Exercise:
Once you find the line that contains "Some of the words", write out that line and every line after it to the end of the records, exactly and with nothing else.

[Free-text object descriptions]
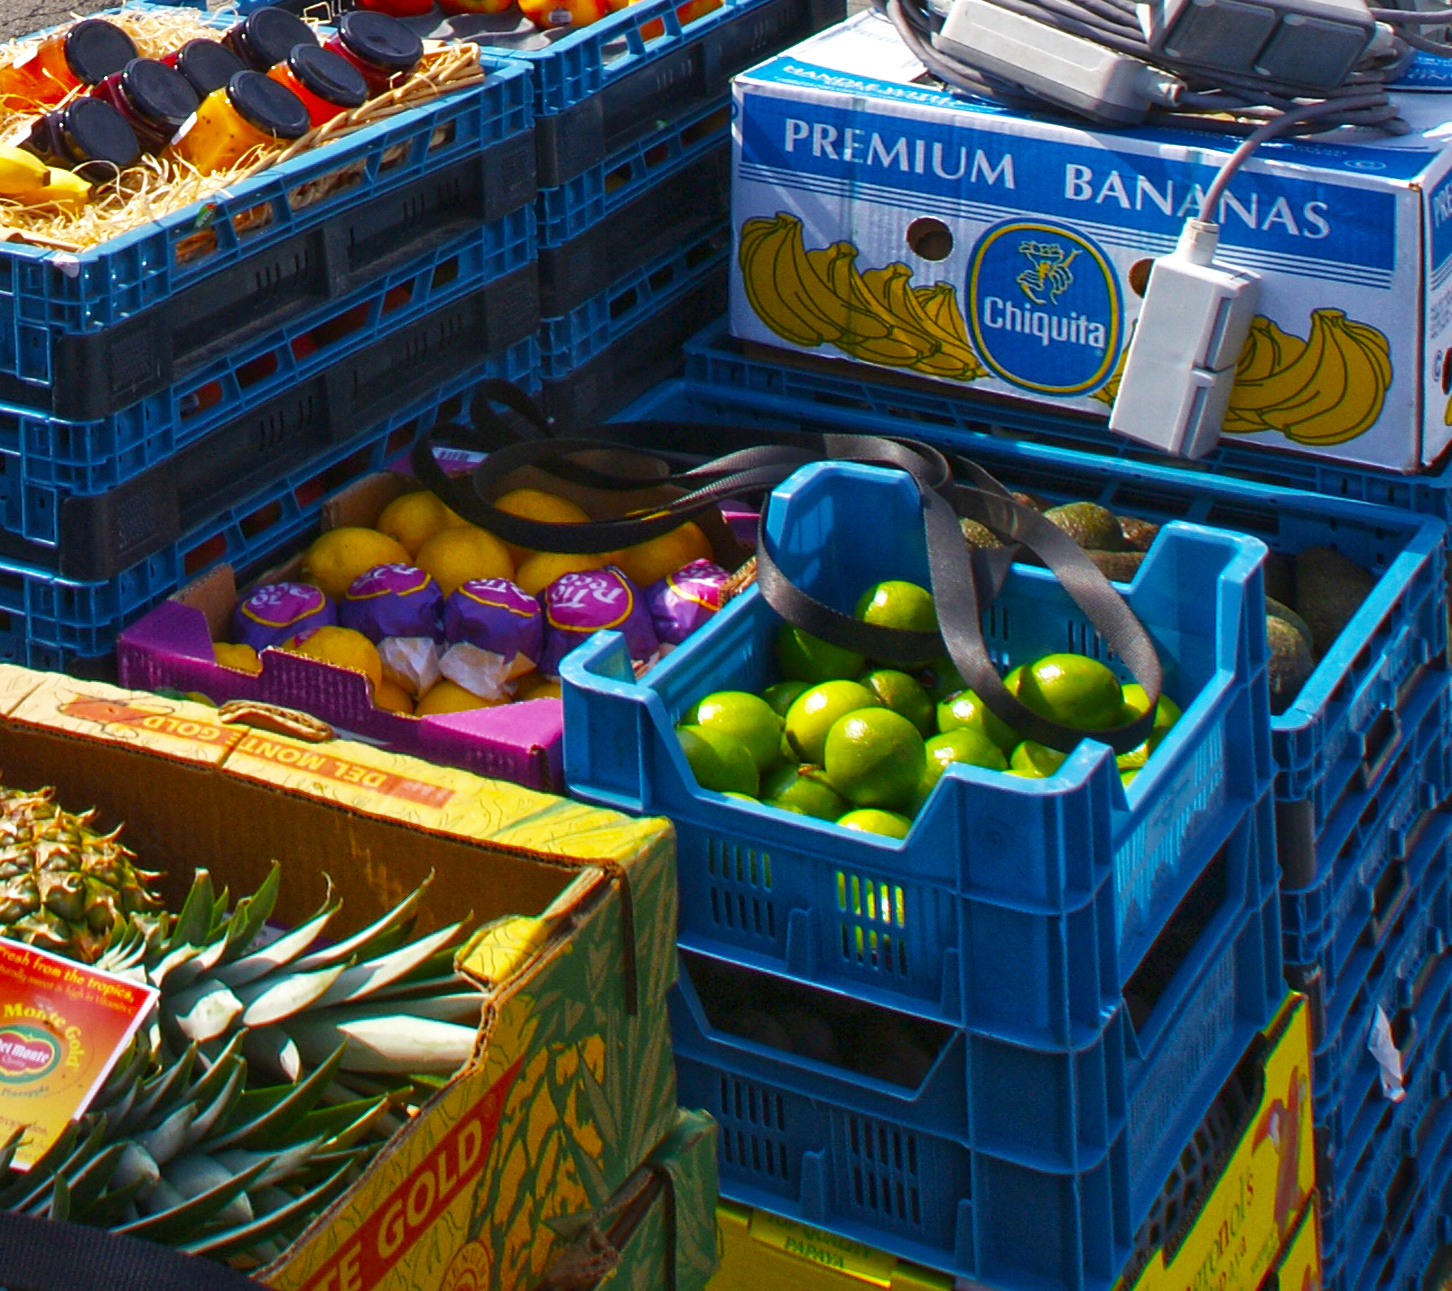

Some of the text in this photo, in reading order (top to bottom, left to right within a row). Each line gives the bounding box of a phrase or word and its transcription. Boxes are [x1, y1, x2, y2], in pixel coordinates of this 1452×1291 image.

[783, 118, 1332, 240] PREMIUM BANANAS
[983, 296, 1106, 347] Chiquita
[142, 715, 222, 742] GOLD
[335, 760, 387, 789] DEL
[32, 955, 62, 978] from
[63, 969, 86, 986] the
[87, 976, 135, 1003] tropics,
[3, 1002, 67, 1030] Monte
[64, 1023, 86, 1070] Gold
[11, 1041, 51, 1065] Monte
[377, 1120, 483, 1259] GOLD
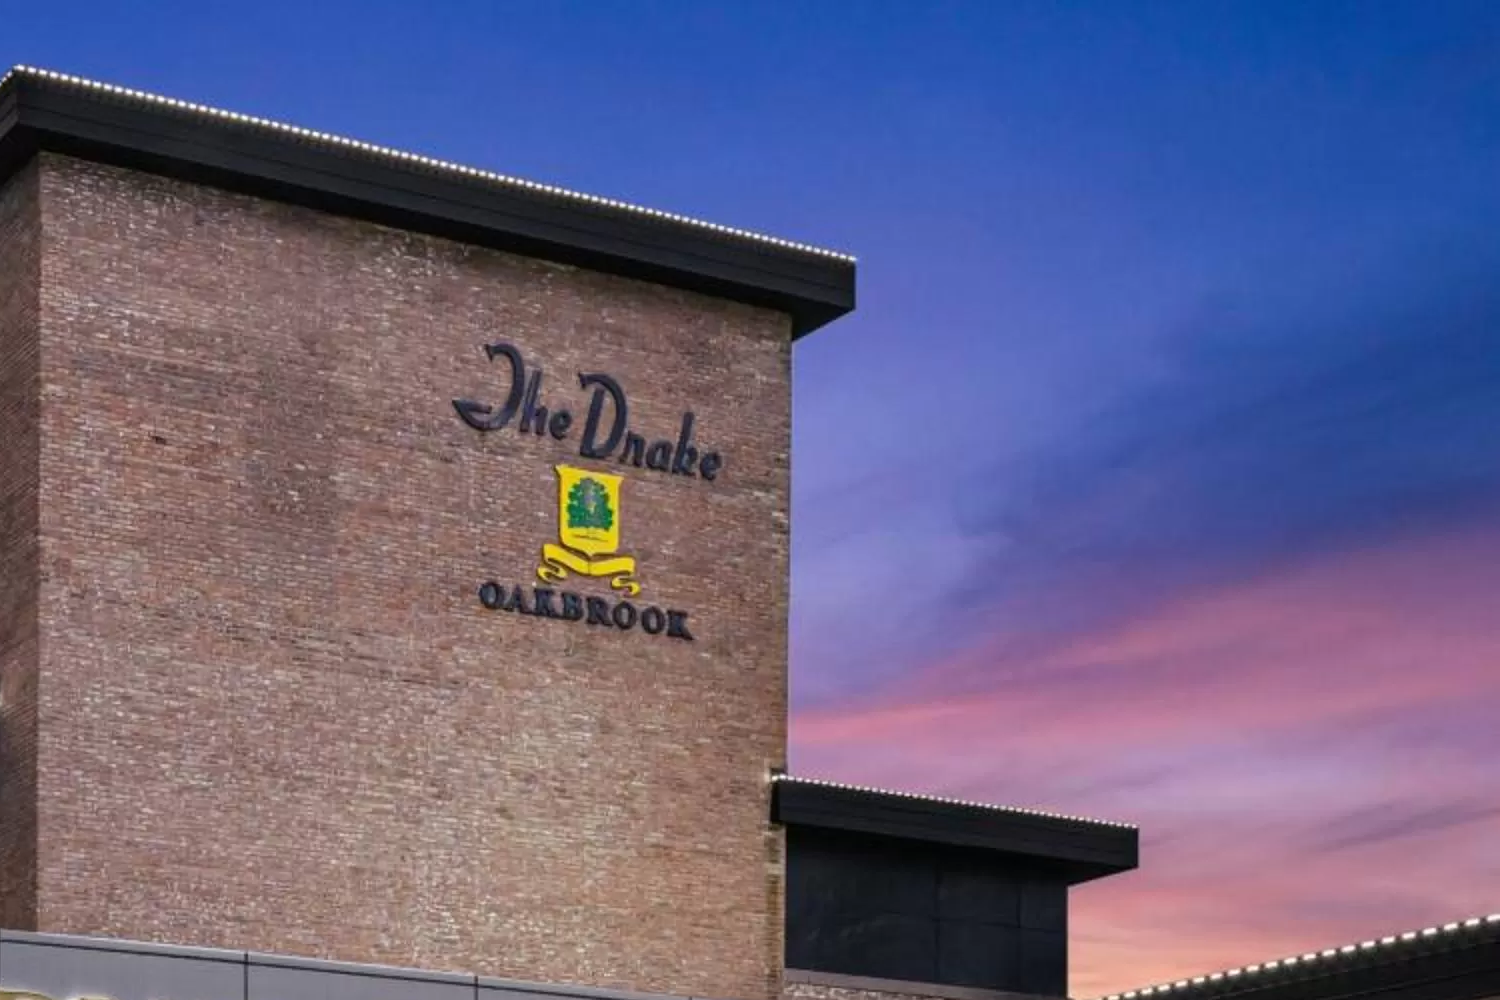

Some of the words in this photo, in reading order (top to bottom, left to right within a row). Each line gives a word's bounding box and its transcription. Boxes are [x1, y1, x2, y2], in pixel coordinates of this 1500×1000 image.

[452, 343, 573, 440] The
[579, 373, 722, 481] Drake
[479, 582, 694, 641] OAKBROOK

Solution for this exercise:
Some of the words in this photo, in reading order (top to bottom, left to right within a row). Each line gives a word's bounding box and its transcription. Boxes are [x1, y1, x2, y2], in pixel coordinates of this 1500×1000 image.

[452, 343, 573, 440] The
[579, 373, 722, 481] Drake
[479, 582, 694, 641] OAKBROOK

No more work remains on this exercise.